[Recorded data]

═══

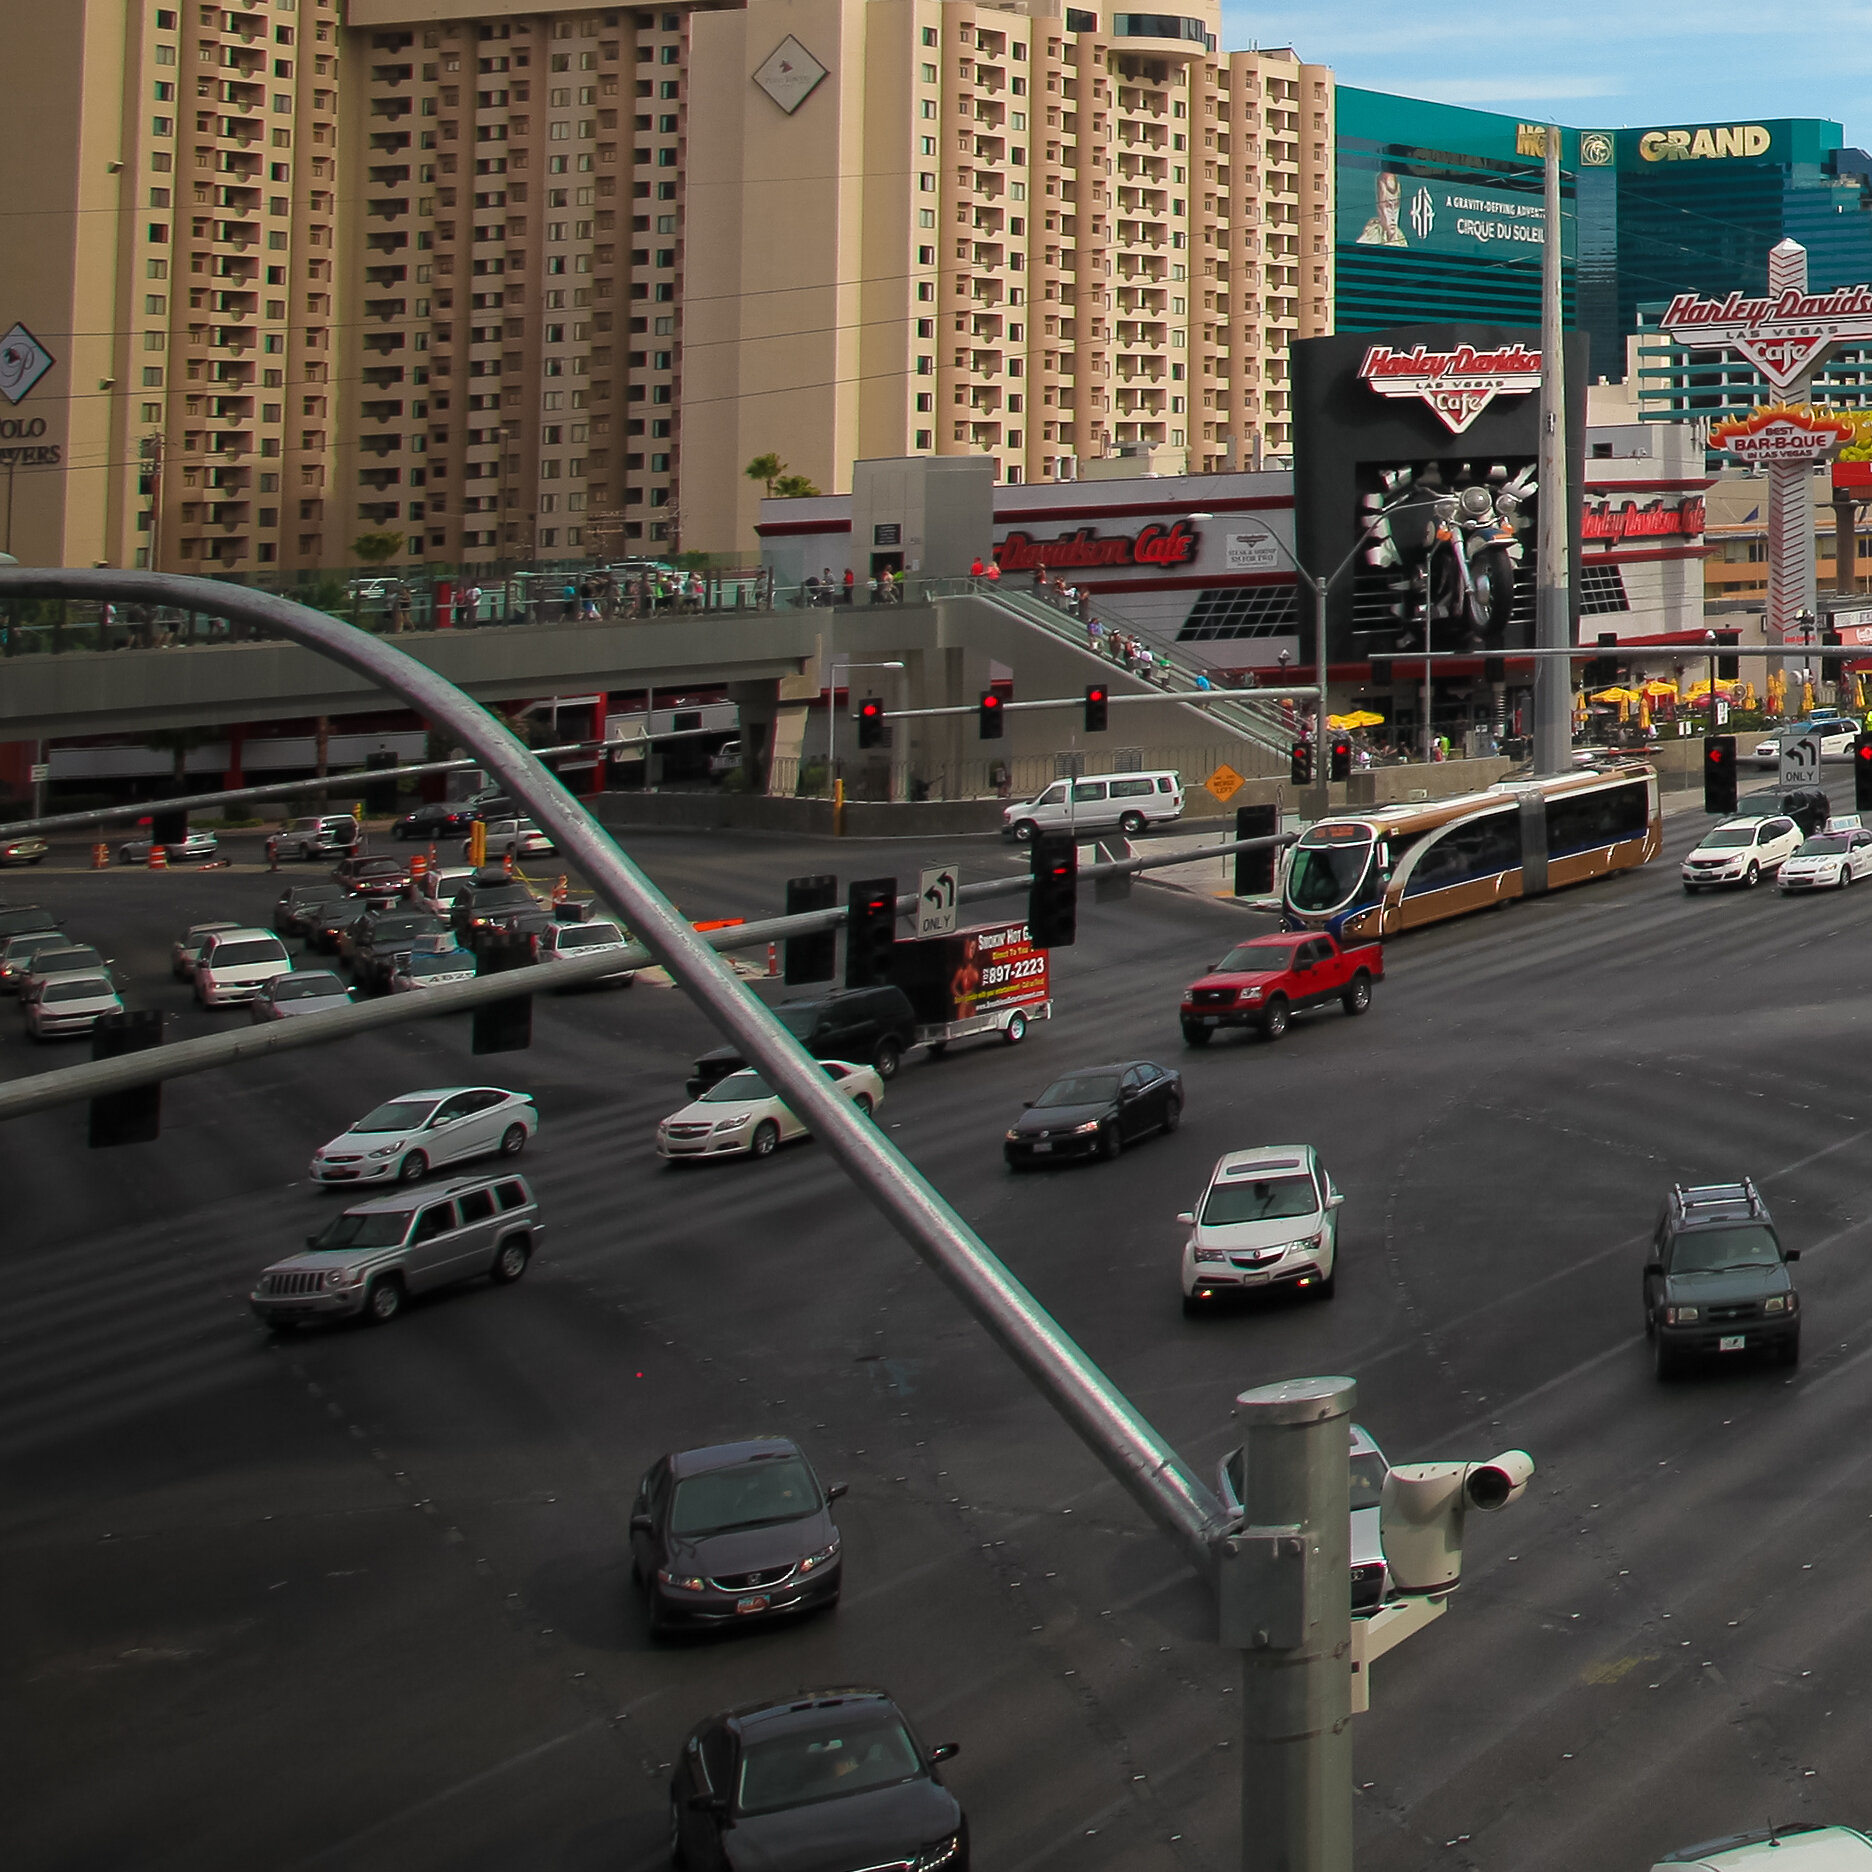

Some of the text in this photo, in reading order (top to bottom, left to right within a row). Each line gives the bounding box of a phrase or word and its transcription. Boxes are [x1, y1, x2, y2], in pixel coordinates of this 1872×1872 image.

[1639, 125, 1771, 162] GRAND
[1446, 196, 1452, 207] A
[1456, 218, 1545, 243] CIRQUE DU SOLEIL
[1727, 326, 1839, 339] LAS VEGAS
[1751, 341, 1809, 374] Cafe
[1436, 393, 1482, 420] Cafe
[1765, 428, 1794, 436] BEST
[1734, 435, 1826, 451] BAR-B-QUE
[1779, 450, 1812, 458] VEGAS
[1134, 523, 1195, 566] Cafe
[1786, 771, 1815, 781] ONLY
[923, 916, 950, 931] ONLY
[990, 957, 1044, 984] 897-2223

═══

Prompt: Hand back the records above exactly, leaving out every picture.

Response:
Some of the text in this photo, in reading order (top to bottom, left to right within a row). Each line gives the bounding box of a phrase or word and its transcription. Boxes are [x1, y1, x2, y2], in pixel coordinates of this 1872×1872 image.

[1639, 125, 1771, 162] GRAND
[1446, 196, 1452, 207] A
[1456, 218, 1545, 243] CIRQUE DU SOLEIL
[1727, 326, 1839, 339] LAS VEGAS
[1751, 341, 1809, 374] Cafe
[1436, 393, 1482, 420] Cafe
[1765, 428, 1794, 436] BEST
[1734, 435, 1826, 451] BAR-B-QUE
[1779, 450, 1812, 458] VEGAS
[1134, 523, 1195, 566] Cafe
[1786, 771, 1815, 781] ONLY
[923, 916, 950, 931] ONLY
[990, 957, 1044, 984] 897-2223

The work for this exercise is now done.